I’m going to go way out on a limb right here and say that ’808′s & Heartbreak’ is the best album of 2008. It will be the one album that we all remember from this year. I’ve already forgotten about the so-called ‘Nigger’ album and the Roots ‘Rising Down’. Are the Roots still a band? I know that ?uestlove has a sneaker, deejays all over the place and loves to fucks with Twitter. Even Lil’ Wayne, who has sold nearly three million copies of the ‘Carter III’ will be eclipsed by the latest offering from ‘Ye Tudda West.
Does anyone make real shit anymore?
I’m not going to act like I have heard the entire album. I’ve heard all the joints that most of you have heard. The intro to Heartbreak, the joint with Jeezy, the joint with Weezy, the joint with Kid Cudeezy. See now, aren’t you glad that trend hasn’t taken hold where we call everyone “eezy” at the back of their names? Everyone is pitching a bitch because the vocal pitch is altered but no one is really listening to the tone, just the autotune.
KanYe is on this album yelling and throwing figurative furniture around the studio. This album is his catharsis for losing the one chick in the world that he could trust. The one broad he ever knew that wasn’t trying to get into his pockets, that wasn’t using him to get close to Jay-Z, Dame, or even that nigga Plain Pat.
Plain Pat what up?
I wonder what kind of pain KanYe experienced when he was young and his parents split up? That shit is hardbody. Big ups to all the dead end kids who find themselves in that emotional purgatory place you go to when your parents go their separate ways. Some of y’all have never known your parents as a family unit. For some of y’all it was always a situation where you went to your father’s crib on weekends or to your father’s mother’s crib if your father was a fuck up. It’s a crazy dynamic if that shit happens when you are still in that cartoon comicbook age and wearing underoos when your dad walks out the door.
Kids blame their parents and kids blame themselves. Truth is that America hates families and America eats the young. The album ’808′s & Heatbreak’ was being written when KanYe’s parents split up. This album is on some raw emotional shit that I wish everybody would do. D.M.X. was the only rapper that I feel like wouldn’t hold back his feelings to get his point across. That nigga wouldn’t give a fuck what anyone said about him. He would smoke his crack, cry, pray to GOD, and then bark at the moon. That nigga was crazy. Everyone is too cool for fucking school. That shit is boring to me now.

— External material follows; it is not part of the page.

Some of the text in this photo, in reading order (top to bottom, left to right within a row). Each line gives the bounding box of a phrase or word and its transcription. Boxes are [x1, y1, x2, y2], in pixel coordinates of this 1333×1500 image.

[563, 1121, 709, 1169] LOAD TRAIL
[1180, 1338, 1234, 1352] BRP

I was just reading (I know, sooooo not Hip-Hop) the Spike Lee auto-bio and he talked about losing his mom to cancer while he was still in college. After that moment he had the courage to pick up a Super 8 camera. He always knew that he wanted to make films, but after his mom died he knew he HAD to make films. He found a courage to let his vision be set free. I think KanYe experienced the same feeling when he crossed this threshold in his life. The courage to trust everything in his mind that his mom had imbued to him. Losing your mother is the most hardbody emotional shit evar. Nothing in this world can happen to you worse than that. And then when you get up off the ground after crying your eyes out you realize that you are taller, stronger, harder. No one can tell you nothing.
‘Graduation’ was the prequel to 808′s just like that victory ceremony in Episode 4 was the prequel to that battle on the planet Hoth. That was a cold fucking winter. This will be the coldest winter evar.

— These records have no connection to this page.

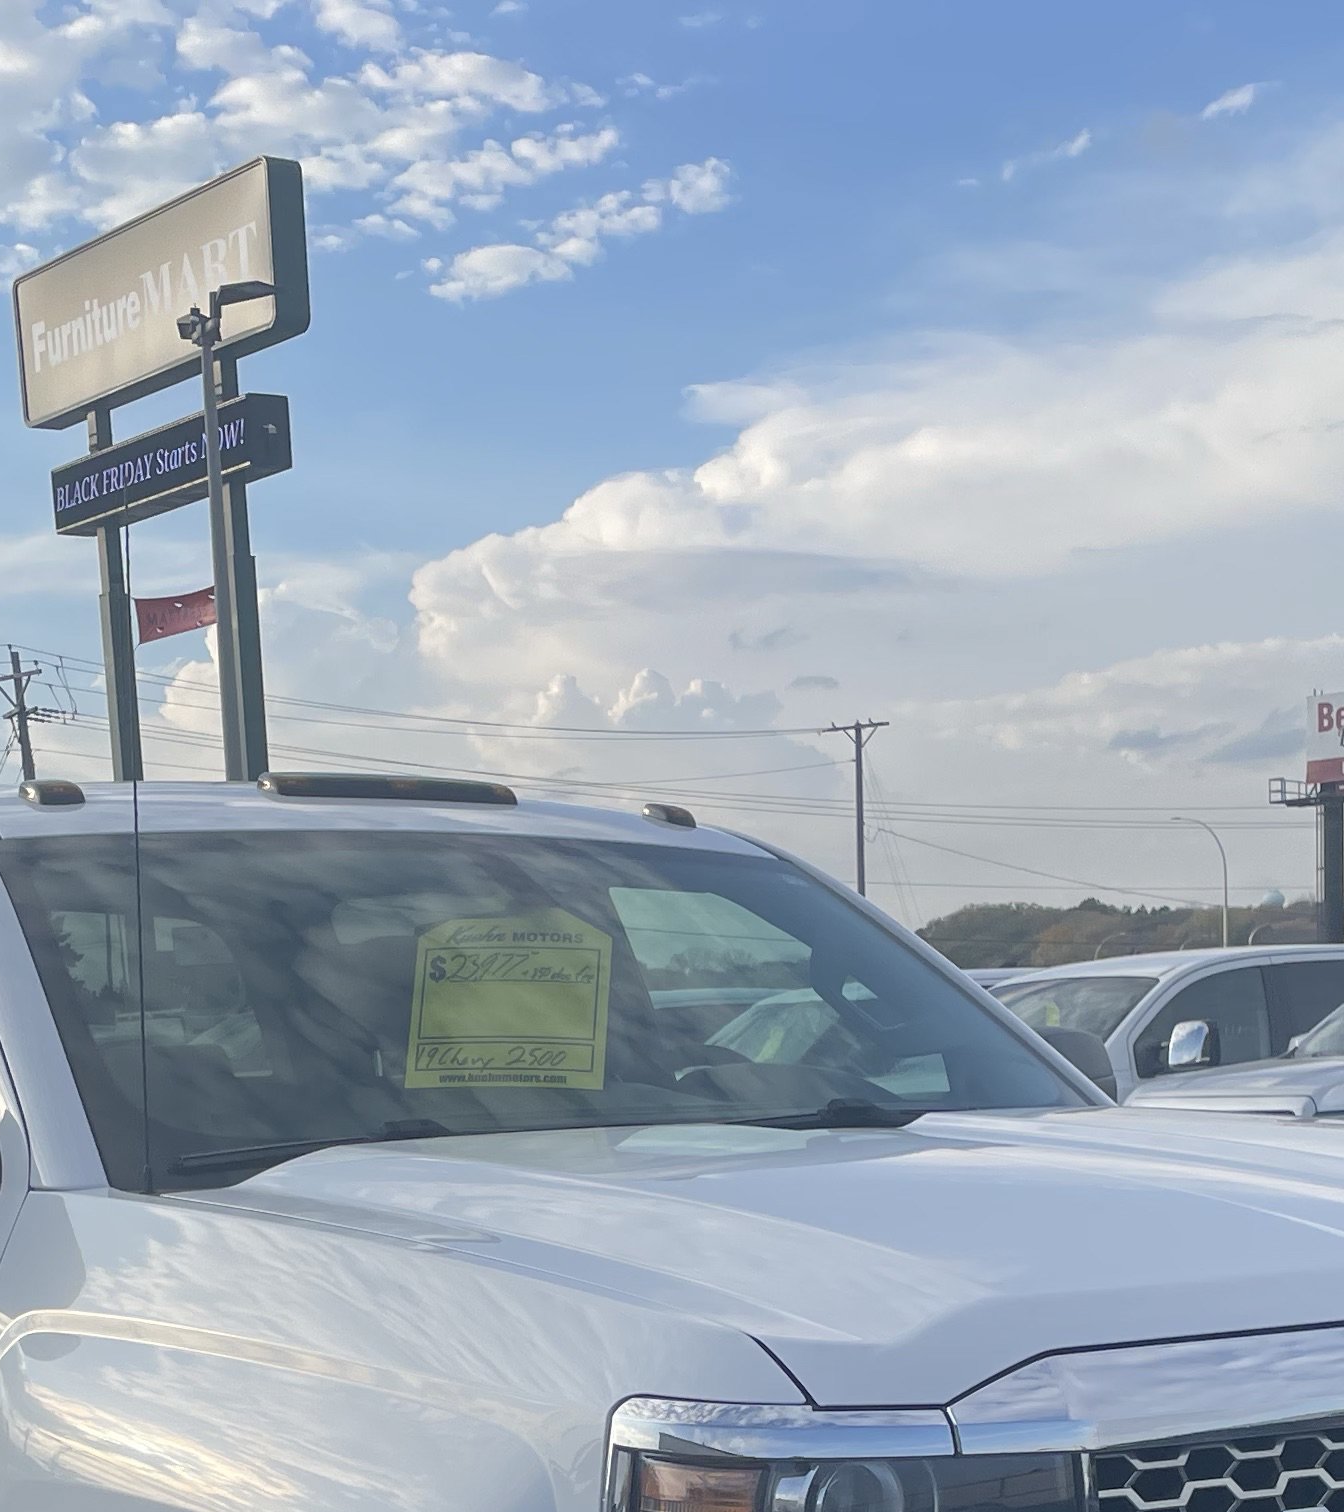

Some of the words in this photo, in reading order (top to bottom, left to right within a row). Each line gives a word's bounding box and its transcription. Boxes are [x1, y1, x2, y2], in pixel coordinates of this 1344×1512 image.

[56, 472, 99, 512] BLACK
[102, 452, 154, 493] FRIDAY
[156, 438, 197, 473] Starts
[512, 932, 584, 944] MOTORS
[439, 1047, 495, 1072] Chevy
[505, 1046, 567, 1067] 2500

In a few years some of y’all will use this album to help you work out of your coldest winter. Don’t act like your big homey Billy X. Sunday didn’t tell you the fucking deal. For a nigga to make a song that would make me fuck with Wayne is an achievement. Maestro did it with ’3-Peat’. Now KanYe does it with ‘C U In My Nightmares’.
I’m not sure which listenership is futuristic enough to embrace this album. It deals with loss on such a level that even I can’t fully understand. When my dad died I thought about all the things that he had done for me to get to the point where I could control my destiny (true story is that he hated that I wanted to be a writer instead of an architect) and how much sacrifice both my parents made for me to pursue my dreams. That’s why I fucks with ’808′s & Heartbreaks’.
This shit is a dedication to all of those that help us get out our dreams.